C’est une sacrée trouvaille cette idée de punir des terroristes en les privant de nationalité française. Un peu comme si c’était leur dessert. Et tout ça parce le pays (au drapeau bleu-marine, blanc et rouge) réclame un sérieux élan de sévérité. Le tout-sécuritaire fait recette dans les sondages. Alors sur fond de pré-campagne permanente, le gouvernement se devait de répondre aux attentes de la droite de la droite sans trop heurter celles de la gauche de la gauche. Allez savoir quel communicant du palais a résolu cette équation fumeuse en exhumant la dépouille de la controversée déchéance de nationalité. Et surtout quel fieffé président s’est exclamé: “Faute de mieux, c’est déjà pas si mal”.
On connait la suite, le premier ministre a transformé la perle en un bijou bien calibré, pile-poil entre l’esprit charlie et l’esprit Charlot. C’est la dure loi du marketing: pour rassem-bler le peuple, il faut châtier les terroristes à grand coups de symboles. Ou plutôt certains terroristes car ce terrible sort ne serait réservé qu’à une poignée de mercenaires sur-abrûtis, suffisamment fanatisés pour passer à l’acte sanguinaire. En gros, ceux qui ont déjà brûlé leurs passeports français en live sur internet et qui reviendront sur notre territoire en clandestins, pour s’y faire exploser, si possible bien entourés…
Bref, faute d’unité nationale, il faut admettre que cette révision constitutionnelle fait l’unanimité sur au moins un point; c’est qu’elle ne sert strictement à rien. Les premiers de la classe politique sont tous d’accord. Au mieux, revisiter la déchéance de nationalité relève du symbole. Au pire, ça relève du ridicule puisque cette mesure est inscrite en toutes lettres dans notre code civil depuis près d’un siècle.
Alors, pourquoi le premier ministre défend-il désespérément ce projet d’inutilité pu-blique? J’ai du mal à croire que c’est seulement pour occuper les news et évincer la montée du chômage. Je pense plutôt que dans sa quête non-stop d’un semblant d’union sacrée, le gouvernement a inventé le piège à mouches miopes en pondant un texte aussi ostentatoire.
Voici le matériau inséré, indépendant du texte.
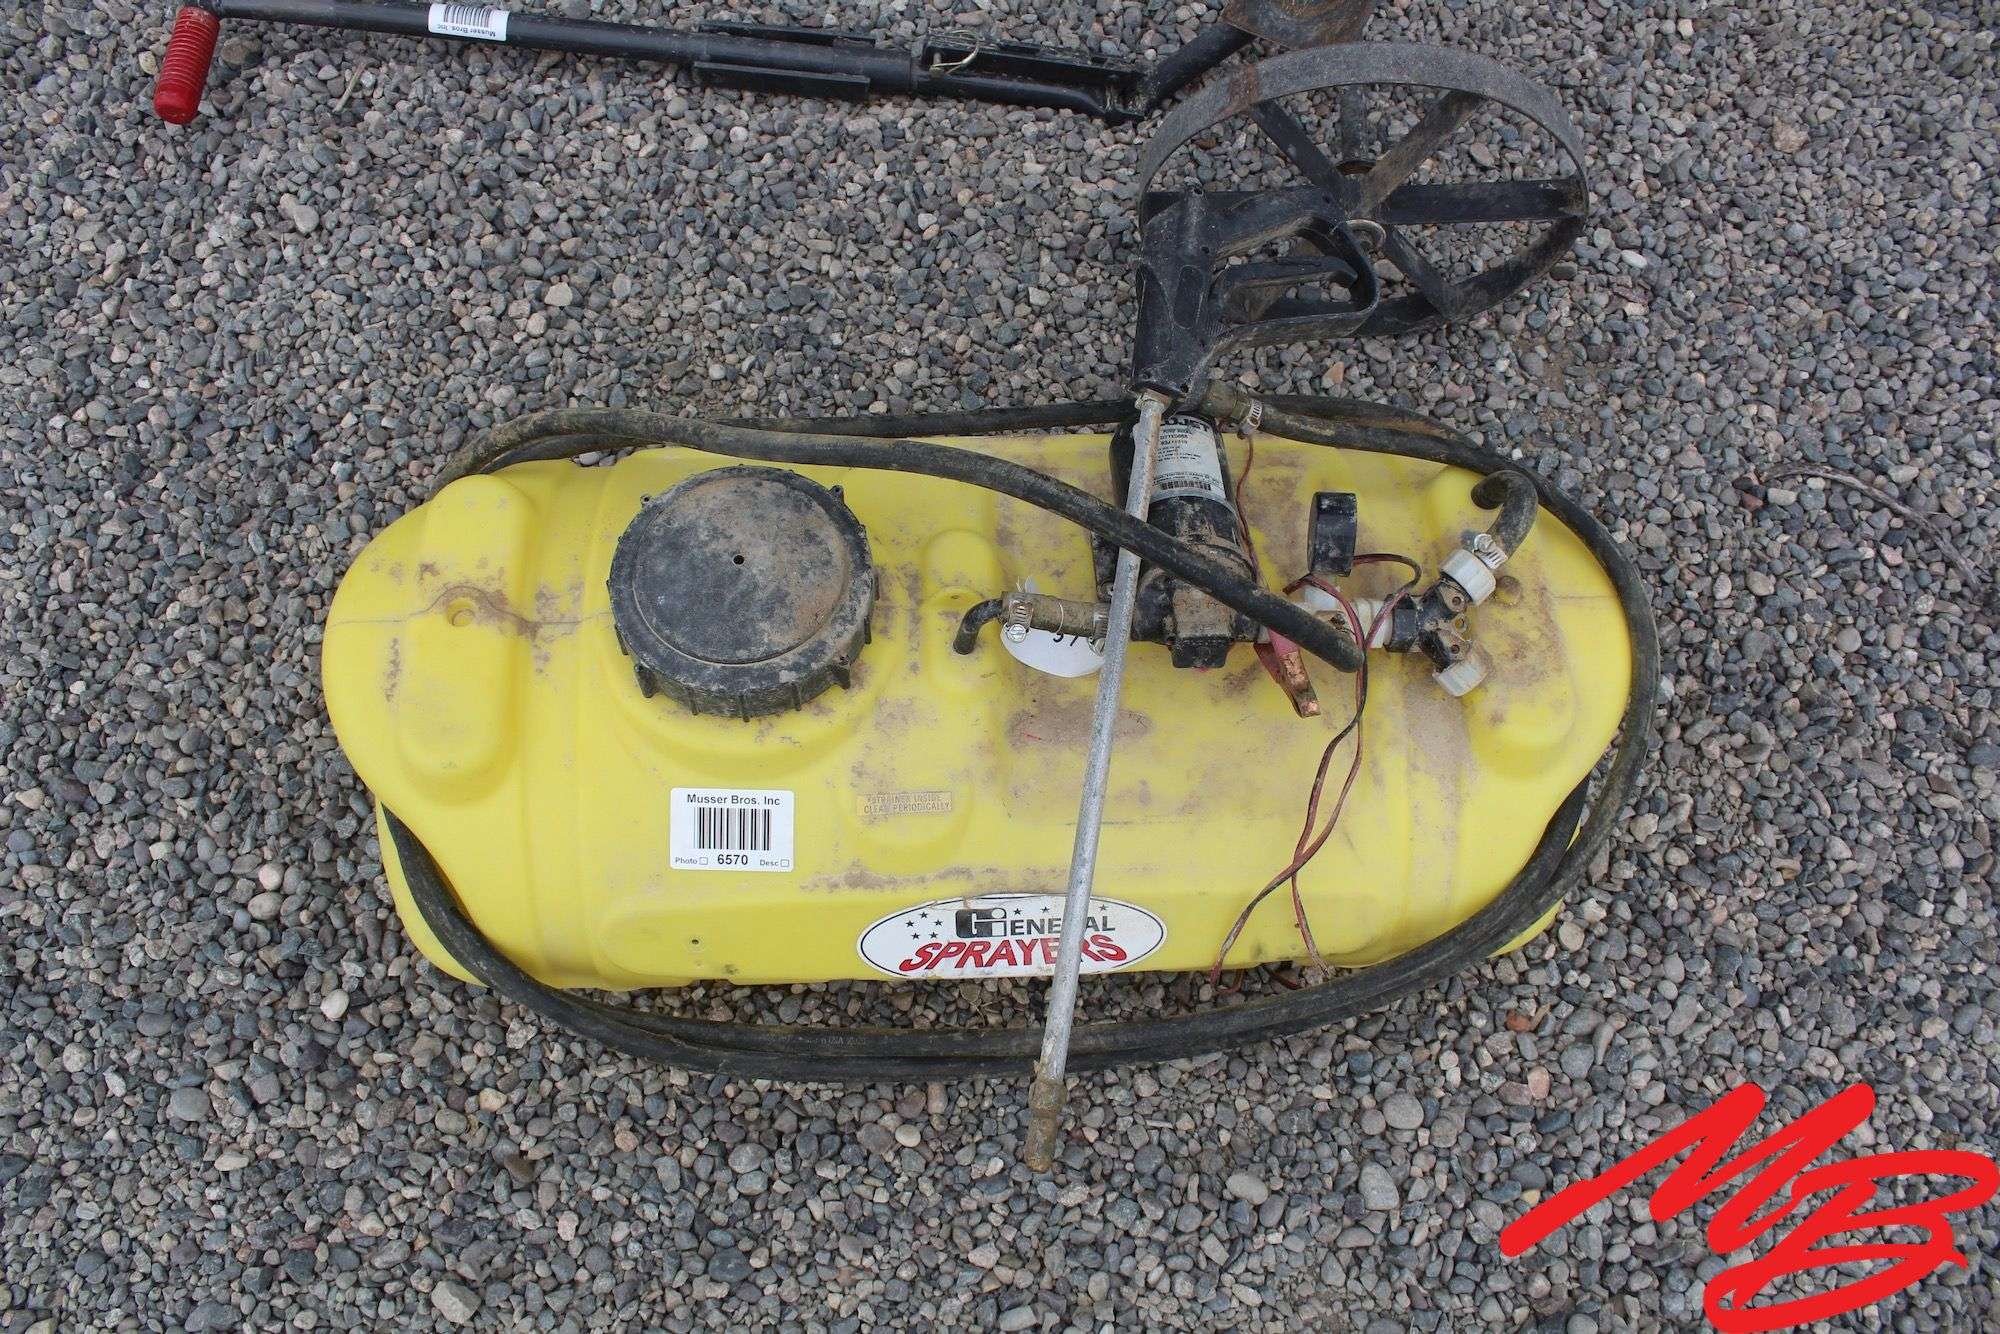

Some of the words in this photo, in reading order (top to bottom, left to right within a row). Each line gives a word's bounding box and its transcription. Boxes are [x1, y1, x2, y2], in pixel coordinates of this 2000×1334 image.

[686, 793, 728, 804] Musser
[731, 794, 760, 805] Bros.
[763, 795, 781, 806] Inc
[675, 856, 698, 865] Photo
[717, 854, 749, 866] 6570
[759, 858, 779, 867] Desc
[955, 907, 1116, 939] GENEAL
Une sorte de “patriot act” version Achille Zavatta, à la fois illusoire, indolore et presque risible. C’est l’attrape-majorité parlementaire ideal, surtout à la veille d’un remaniement ministériel. Tous partis confondus, on peut compter sur les actes patriotes, ou les actes de contrition, c’est selon.
Bingo! Sur les rangs clairsemés de l’Assemblée Nationale, le débat a longuement oscillé entre des “pourquoi” sans réponse et des “pourquoi pas” sans conviction. La tambouille habituelle. On a d’abord réduit le texte, pour cacher ce mot “bi-nationaux” que je ne saurais lire (tout en affirmant qu’ils seraient quand-même les seuls concernés par la déchéance de nationalité). Puis comme ça ne prenait pas, on a monté la sauce (hollandaise?) en incorporant progressivement les franco-français dans les cibles visées. Jusqu’à ébullition des plus légalistes qui ne voulaient pas créer des apatrides. Tout ça pour finalement hâcher menu ces distinctions hasardeuses d’un coup de baguette magique: “Nationaux ou bi-nationaux, personne ne sera visé puisque la commission européenne des droits de l’homme s’y oppose dans tous les cas… “.
Bref, on n’allait pas passer l’année sur un débat d’une telle vacuité. Comme il fallait s’y attendre, la loi a été adoptée et les plus réticents se sont vite consolés car le ridicule tue moins que le terrorisme. Il ne restait plus au premier ministre qu’à réveiller les journalistes pour saluer la victoire patriote du rien sur le néant et entonner le fameux refrain de l’union sacrée. On aurait dit la reine de la nuit dans le pipo enchanté. Il l’a carrément bien joué.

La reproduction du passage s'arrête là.